=== What to produce ===
Apart from the pictures, which must be omitted, restate the data exactly.
##### Provided data #####
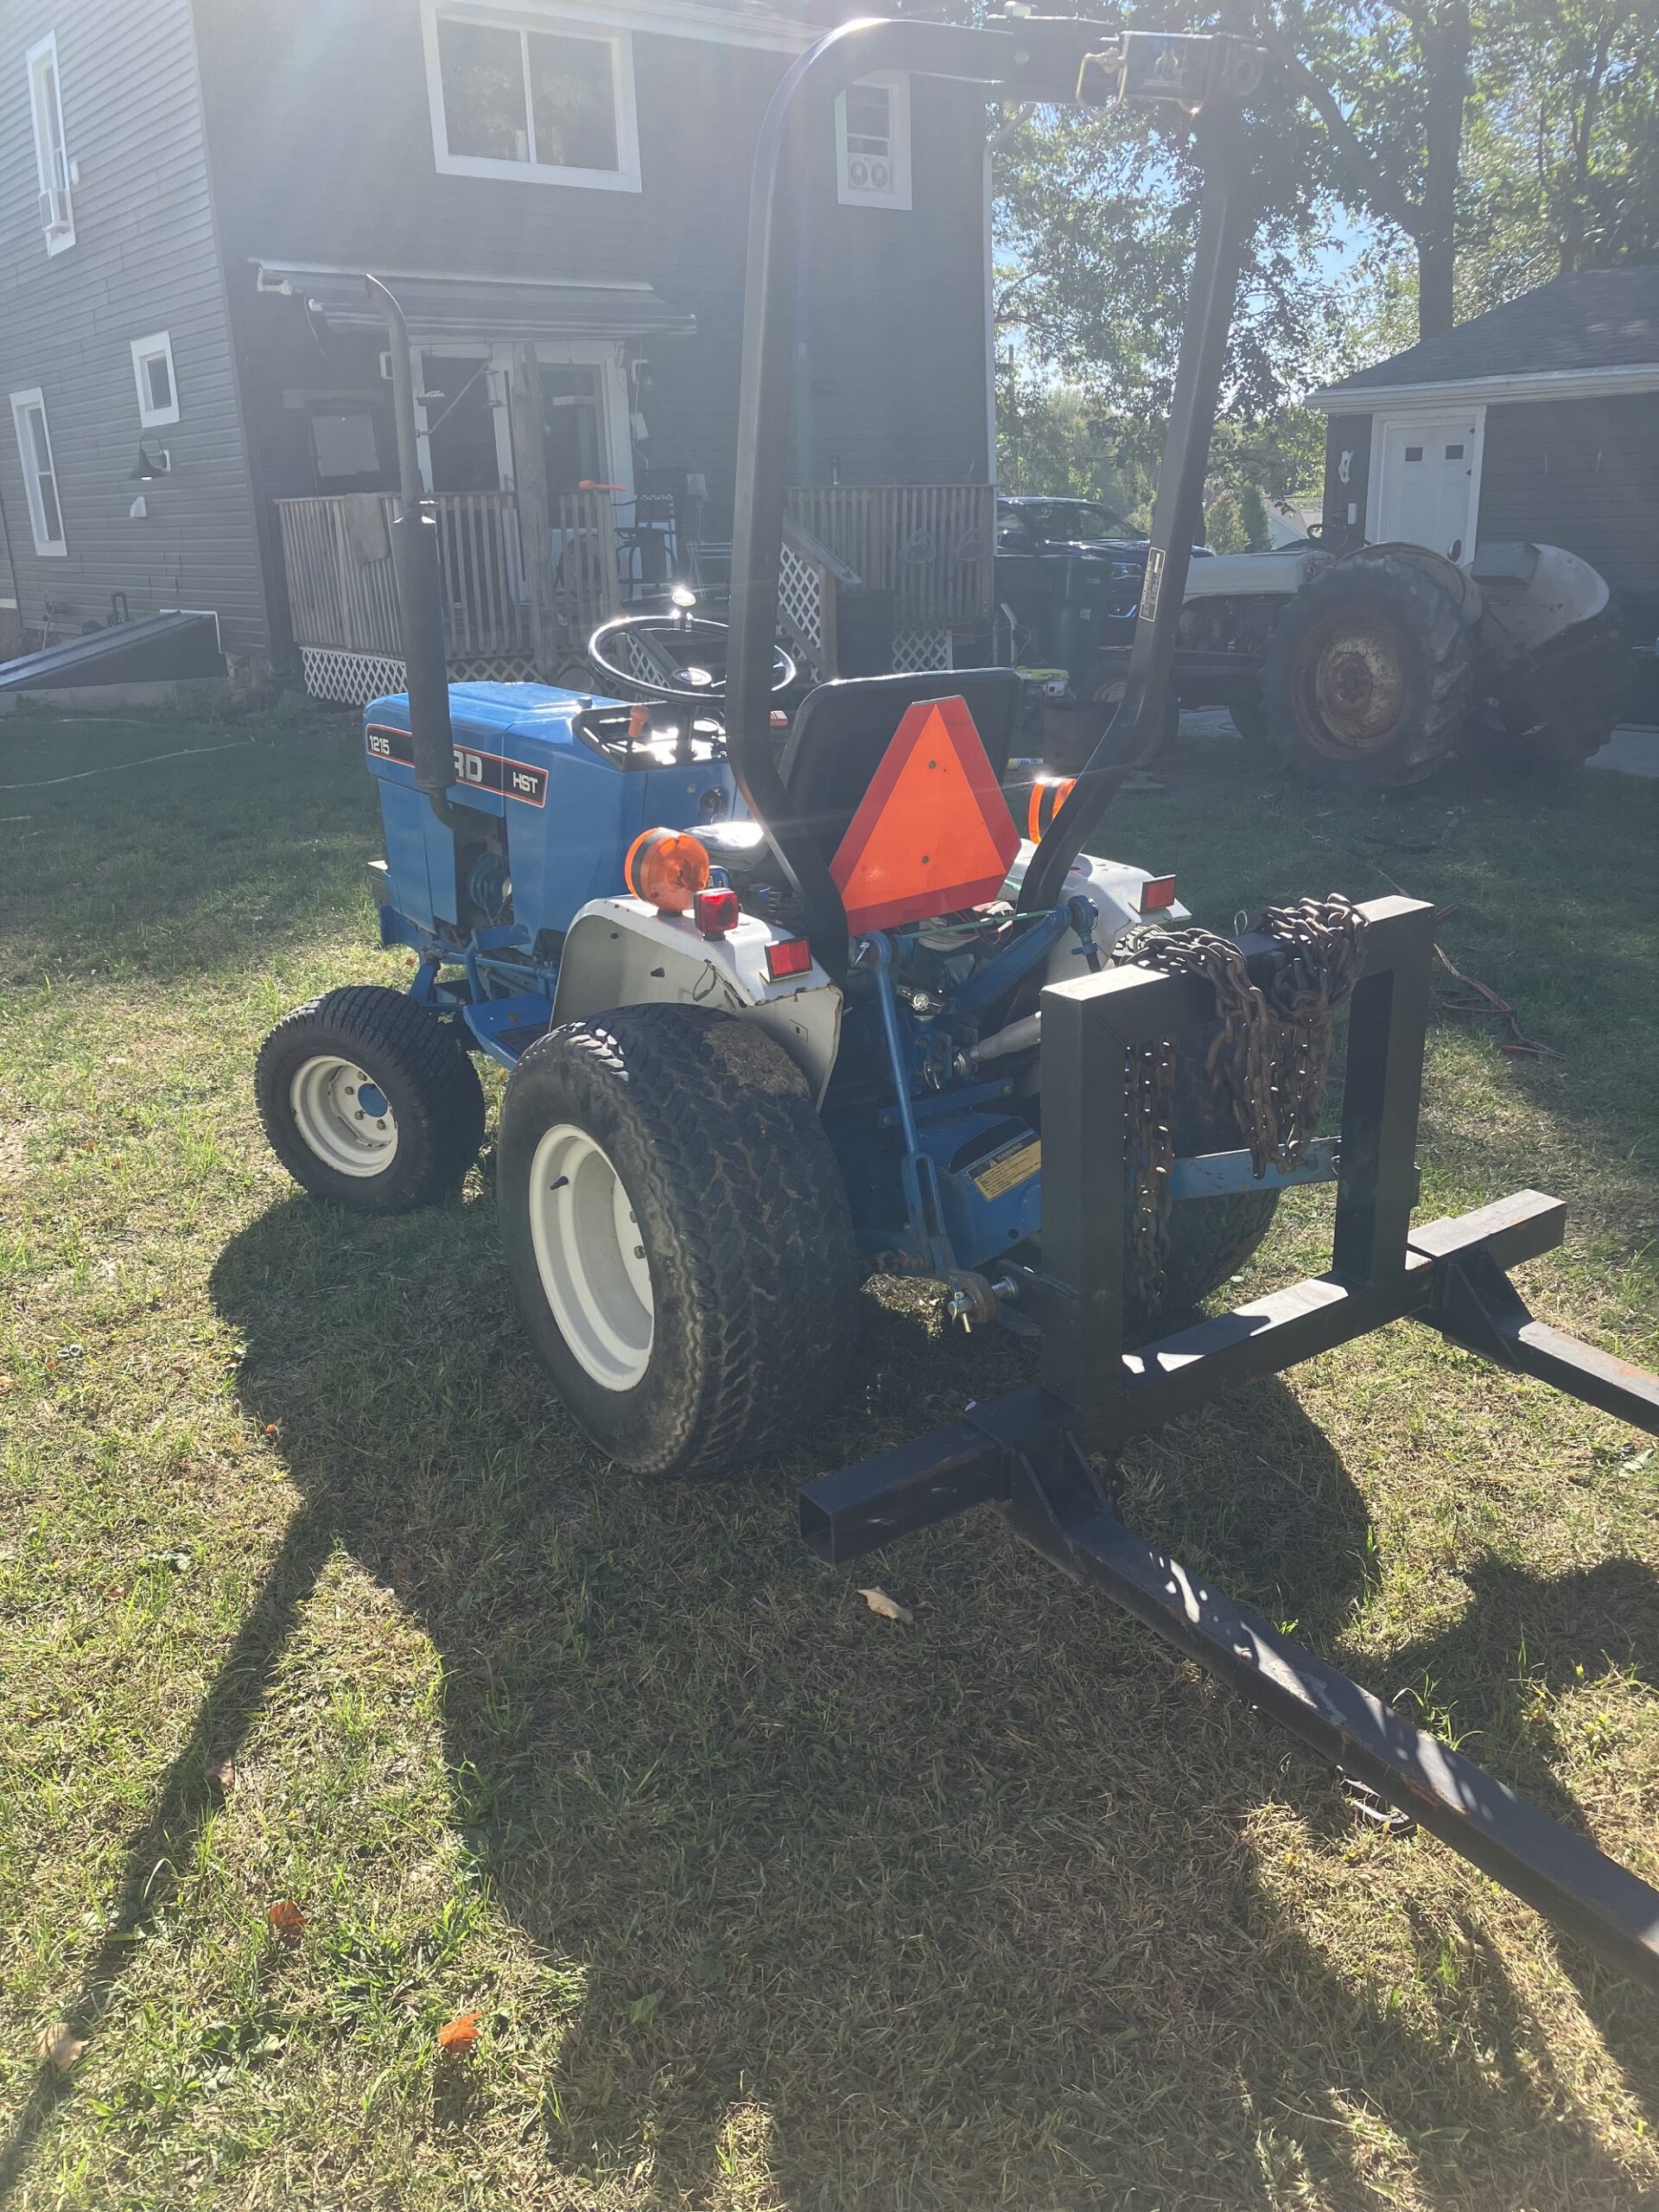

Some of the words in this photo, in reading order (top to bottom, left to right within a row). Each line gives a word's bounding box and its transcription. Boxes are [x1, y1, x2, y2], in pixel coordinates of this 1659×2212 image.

[369, 735, 390, 755] 1215
[454, 751, 482, 783] RD
[512, 772, 538, 794] HST
[995, 1142, 1023, 1161] WARNING
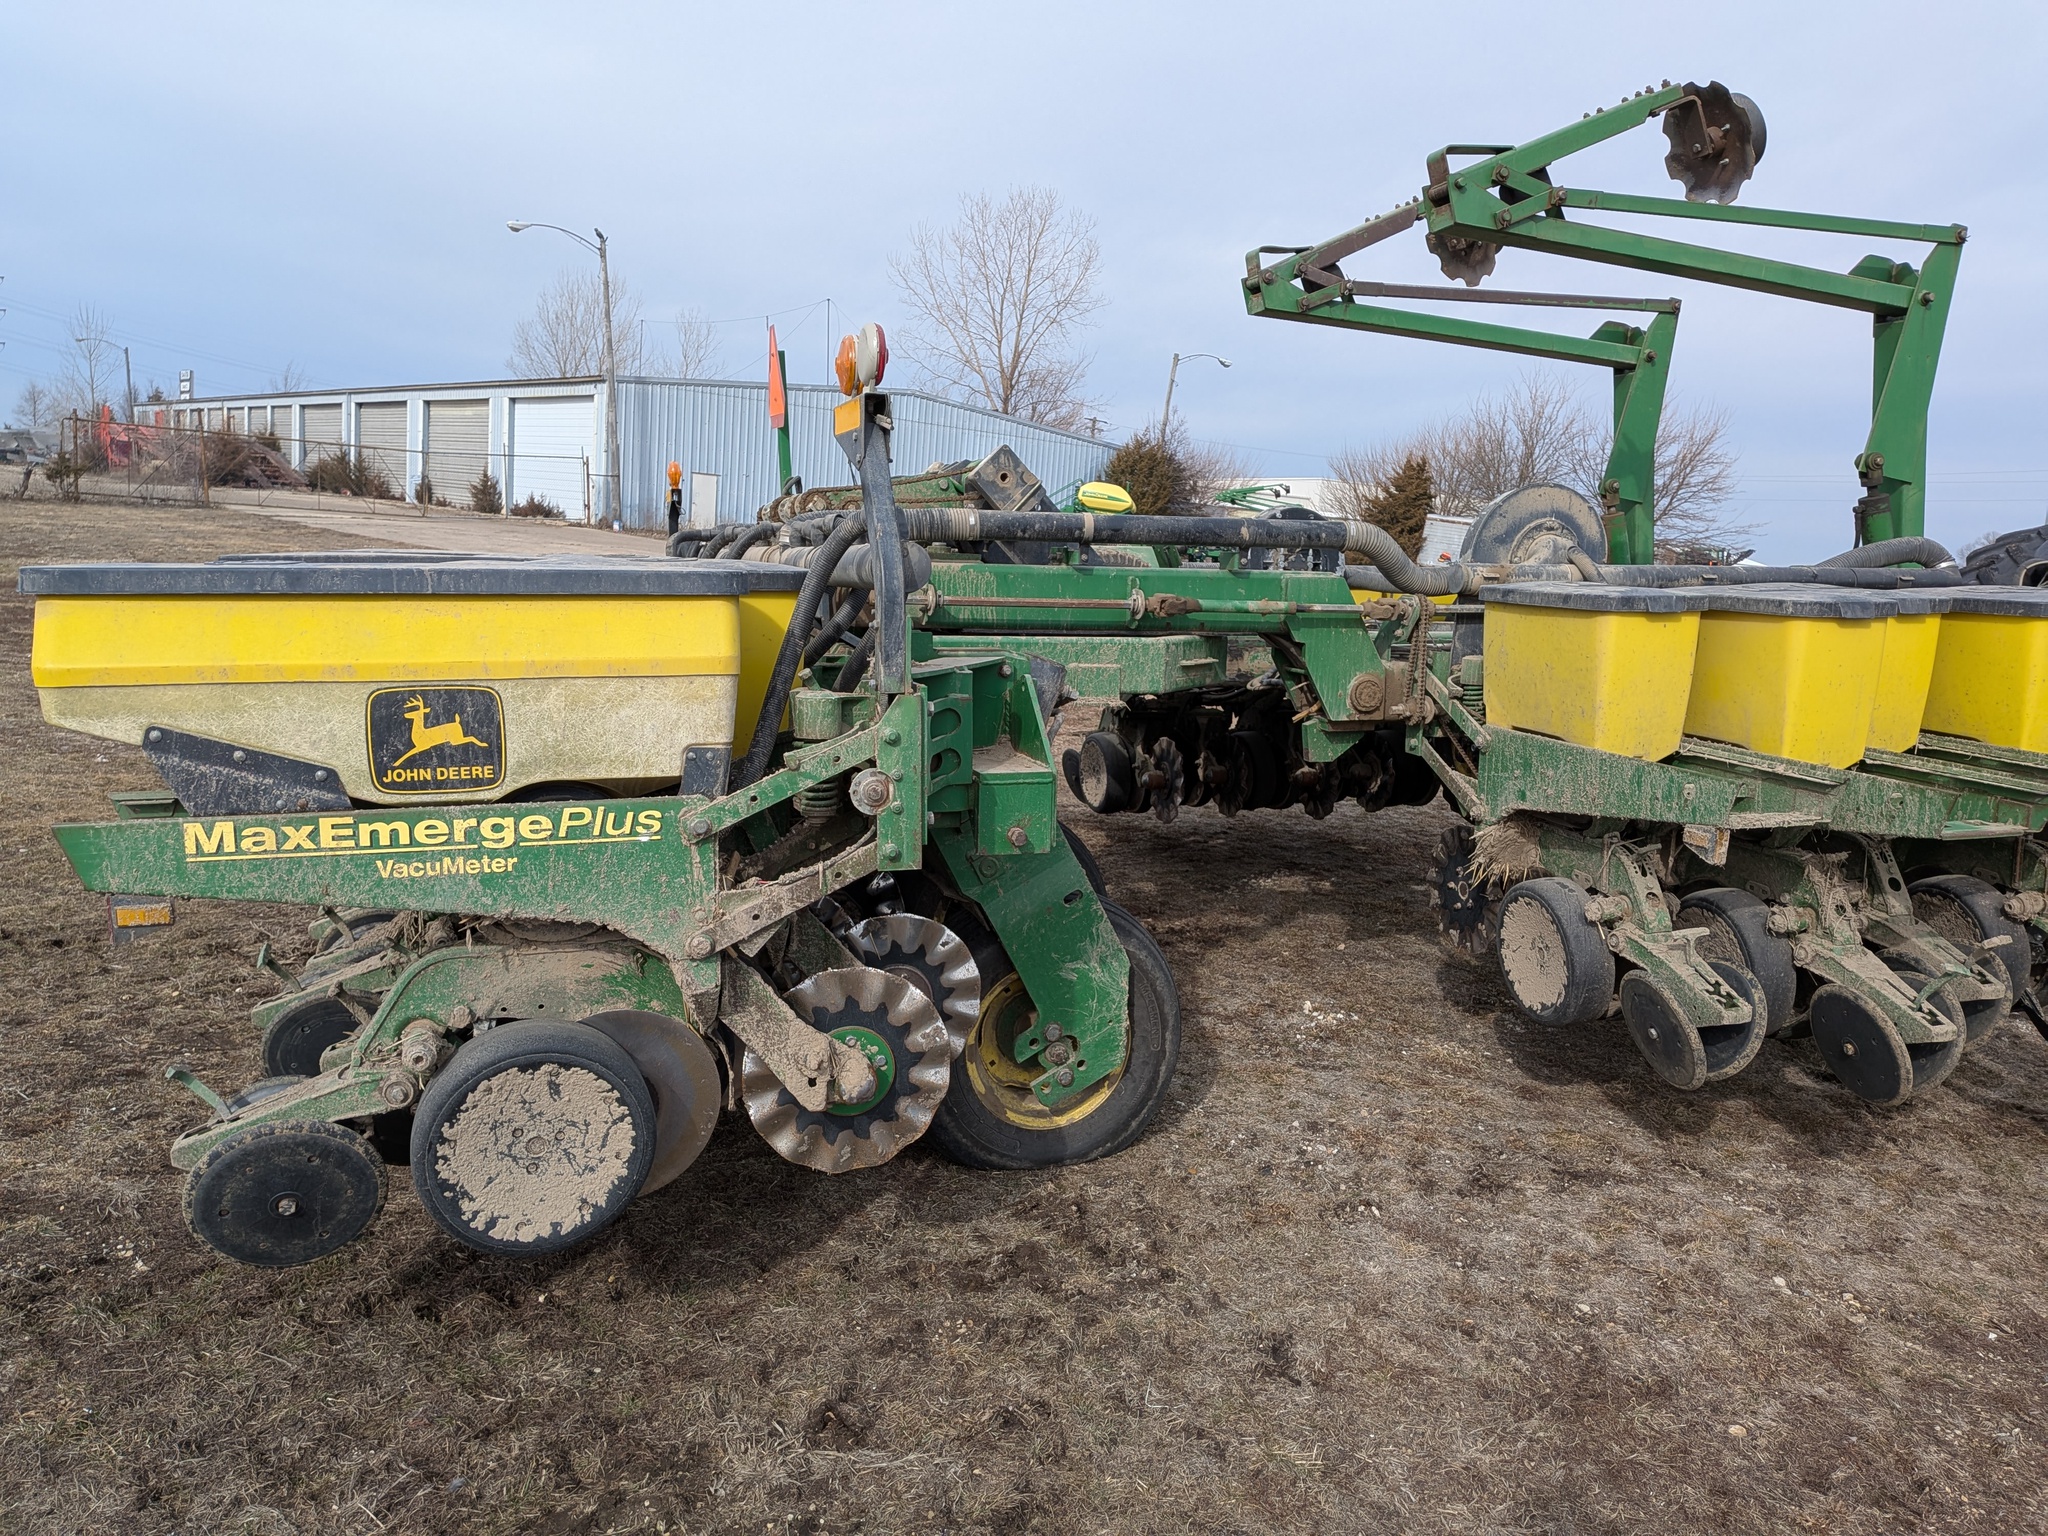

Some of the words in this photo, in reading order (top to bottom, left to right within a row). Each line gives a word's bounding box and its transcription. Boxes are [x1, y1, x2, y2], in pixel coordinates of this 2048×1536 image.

[382, 767, 432, 783] JOHN
[436, 765, 495, 780] DEERE
[375, 854, 518, 879] VacuMeter
#####
=== Output for this exercise ===
Some of the words in this photo, in reading order (top to bottom, left to right within a row). Each line gives a word's bounding box and its transcription. Boxes are [x1, y1, x2, y2], in pixel coordinates of this 1659×2212 image.

[369, 735, 390, 755] 1215
[454, 751, 482, 783] RD
[512, 772, 538, 794] HST
[995, 1142, 1023, 1161] WARNING

Some of the words in this photo, in reading order (top to bottom, left to right within a row). Each line gives a word's bounding box and its transcription. Boxes are [x1, y1, x2, y2], in pixel coordinates of this 2048×1536 image.

[382, 767, 432, 783] JOHN
[436, 765, 495, 780] DEERE
[375, 854, 518, 879] VacuMeter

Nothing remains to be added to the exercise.